If previous governments have kept their deals with the IMF secret, this government – with its claims of ‘tabdeeli’ – can at least unveil a change by making the deal public for debate and discussion. A disclosure of previous deals with the IMF can provide an opportunity to the people of Pakistan to compare the current agreement and see whether our national security has been compromised. This can help PM Imran Khan to win the public’s trust and willingness to bear the burden with compassion.

Prime Minister Imran Khan has also conceded in a public statement that agreements with the IMF do compromise national security matters, to some extent. To overcome the trust deficit, it is imperative that the PM lets the nation know the nature of the current agreement with the IMF. In the same breath, he should also reveal past deals with the IMF by past governments.
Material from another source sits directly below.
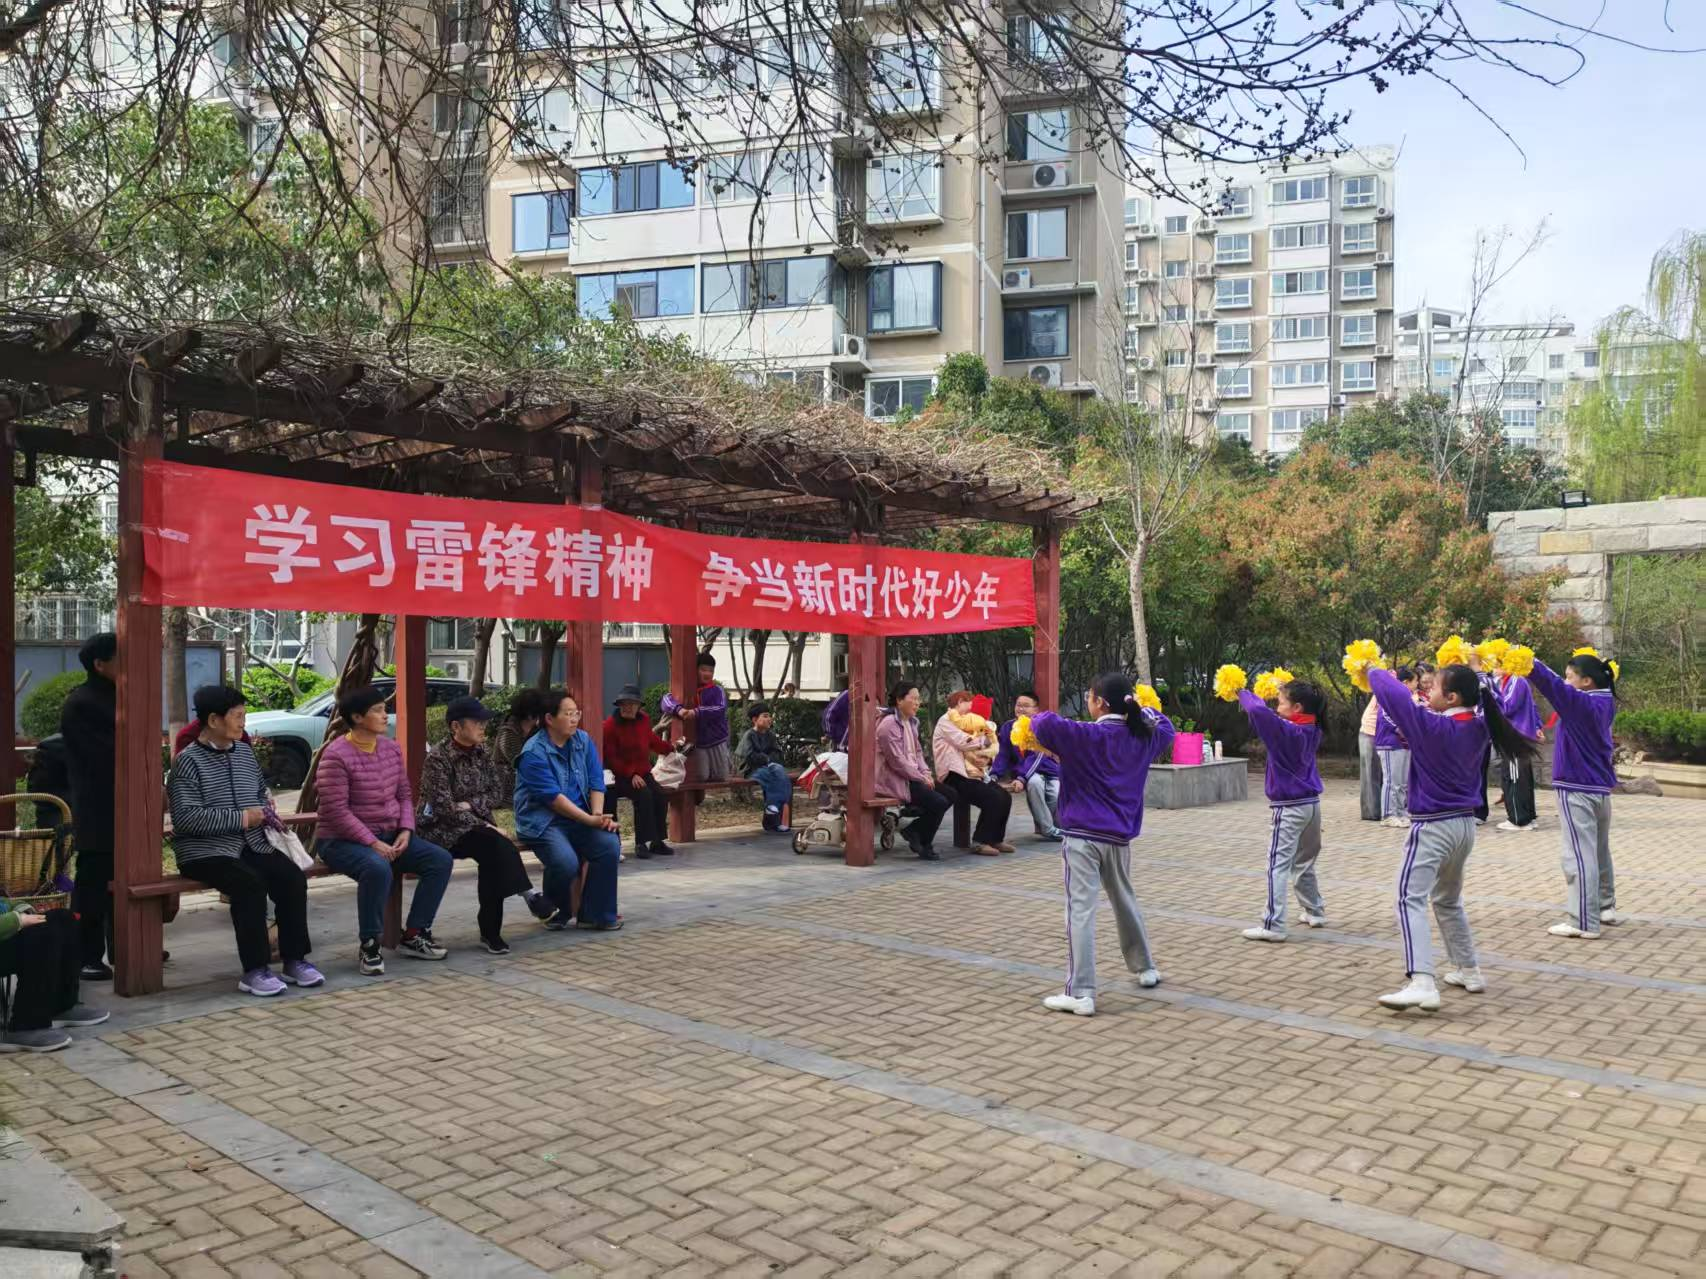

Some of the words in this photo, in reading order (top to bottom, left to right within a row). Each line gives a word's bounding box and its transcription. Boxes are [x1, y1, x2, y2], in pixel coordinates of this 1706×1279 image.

[244, 504, 654, 602] 学习雷锋精神
[701, 551, 1001, 620] 争当新时代好少年
In the American political system, international and bilateral treaties are submitted to the US Congress for debate and approval before implementation. Pakistani rulers should also adopt similar provisions to strengthen democracy in Pakistan. Transparency, accountability, truth and public trust can strengthen the security and unity of a politically polarised Pakistan.

Pakistan’s National Security Adviser Dr Moeed Yusuf, deserves credit for his work in carving out a document on the National Security Policy with a few pages released for public use; rightfully, the major part is confidential. Of course, there is room for improvement in this policy, to induce more public support and trust among Pakistani civilians.
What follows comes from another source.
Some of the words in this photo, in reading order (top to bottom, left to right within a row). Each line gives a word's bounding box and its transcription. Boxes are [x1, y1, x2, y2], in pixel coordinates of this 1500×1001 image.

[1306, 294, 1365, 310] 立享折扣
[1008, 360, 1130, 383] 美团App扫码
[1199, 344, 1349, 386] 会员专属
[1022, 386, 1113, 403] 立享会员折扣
Highly polarised politics, blame game among political parties, sliding economy, and changes in alliances in the South Asian region have led to a lot of concerns about the security situation in the region.
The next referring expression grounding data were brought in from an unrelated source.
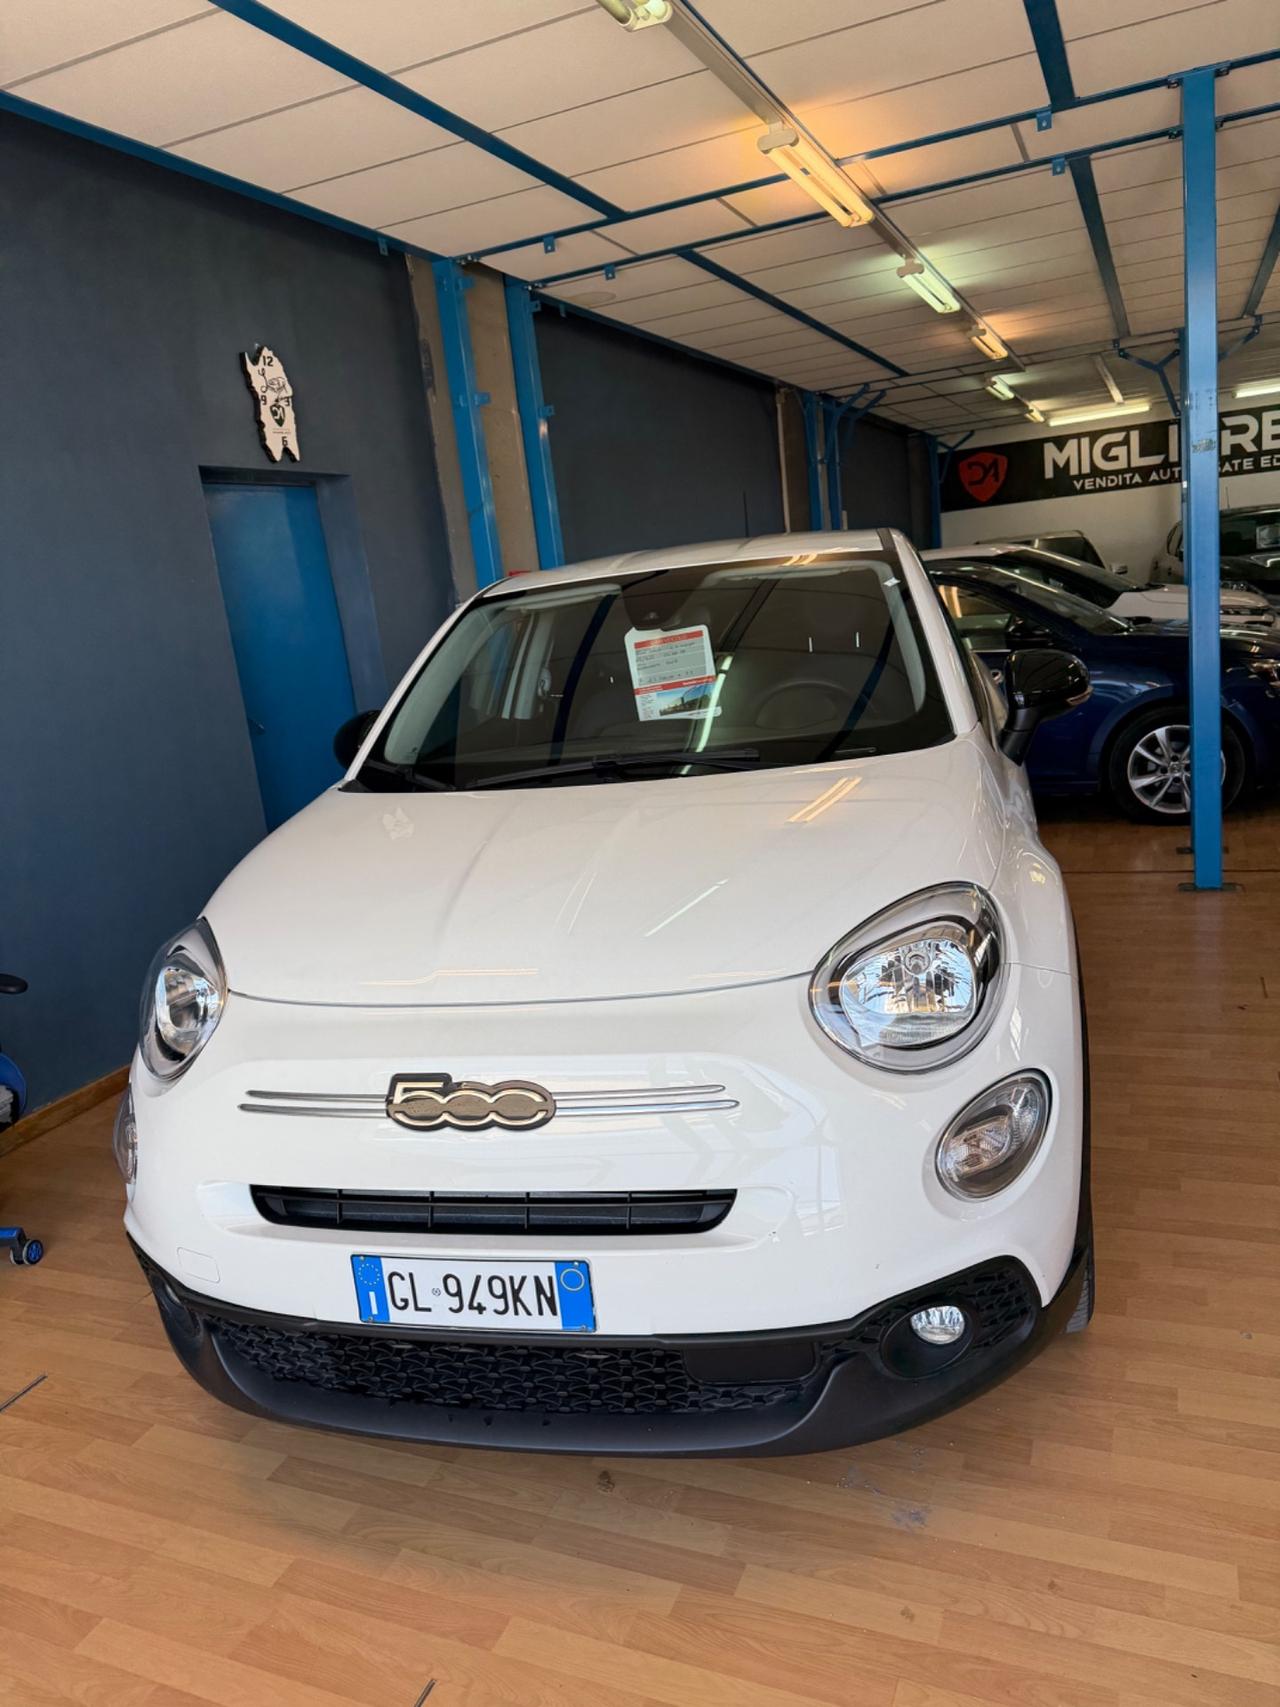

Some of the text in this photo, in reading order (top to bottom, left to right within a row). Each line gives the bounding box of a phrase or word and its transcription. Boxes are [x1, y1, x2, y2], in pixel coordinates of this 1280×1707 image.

[262, 355, 274, 367] 12
[260, 394, 267, 405] 9
[281, 436, 288, 447] 6
[1043, 410, 1280, 479] MIGLIRE
[1073, 473, 1142, 491] VENDITA
[1149, 467, 1182, 482] AUT
[392, 1081, 549, 1126] 500
[387, 1271, 558, 1317] GL 949KN
The public part of the security policy needs to cultivate civilian support and confidence, an essential requirement for national safety and security. In view of the US-India agreements – from intelligence sharing to defence production – a public statement is warranted to assure the public and our friends about our nuclear capabilities and equally serve a notice to our neighbour and the world at large.

We need to reiterate that Pakistan’s nuclear assets and delivery systems are safe, secure and deterrent to meet any challenge from the enemy. Such a declaration would not compromise confidentiality but actually work towards refuting rumours and speculation by some domestic and global elements that the current bad economy and difficult provisions of the IMF agreement have not compromised or threatened the nuclear security of the country.

The real strength of national security lies in a country’s civilian population. Pakistan’s experience of the 1965 war with India and the 1971 war speaks for itself. The high morale of unarmed civilians provides undeniable support to the armed defenders on the frontiers of any country.

Pakistan has faced and suffered through economic and military sanctions for a long time in its struggle to achieve nuclear capacity. In view of continuous threats, an official reiteration of its nuclear capability is warranted. The fluctuating economy and a fragile and troubled Afghanistan need to be addressed.

In addition, Pakistan also faces challenges from within. Elements serving foreign interests have been active in Pakistan since long. The current times cannot be an exception.

There are also some negative rumours doing the rounds about the confidential part of the national security policy. In this changed world of the 21st century, we need to respond effectively to the challenges of the hour.

The writer is a journalist based in the US.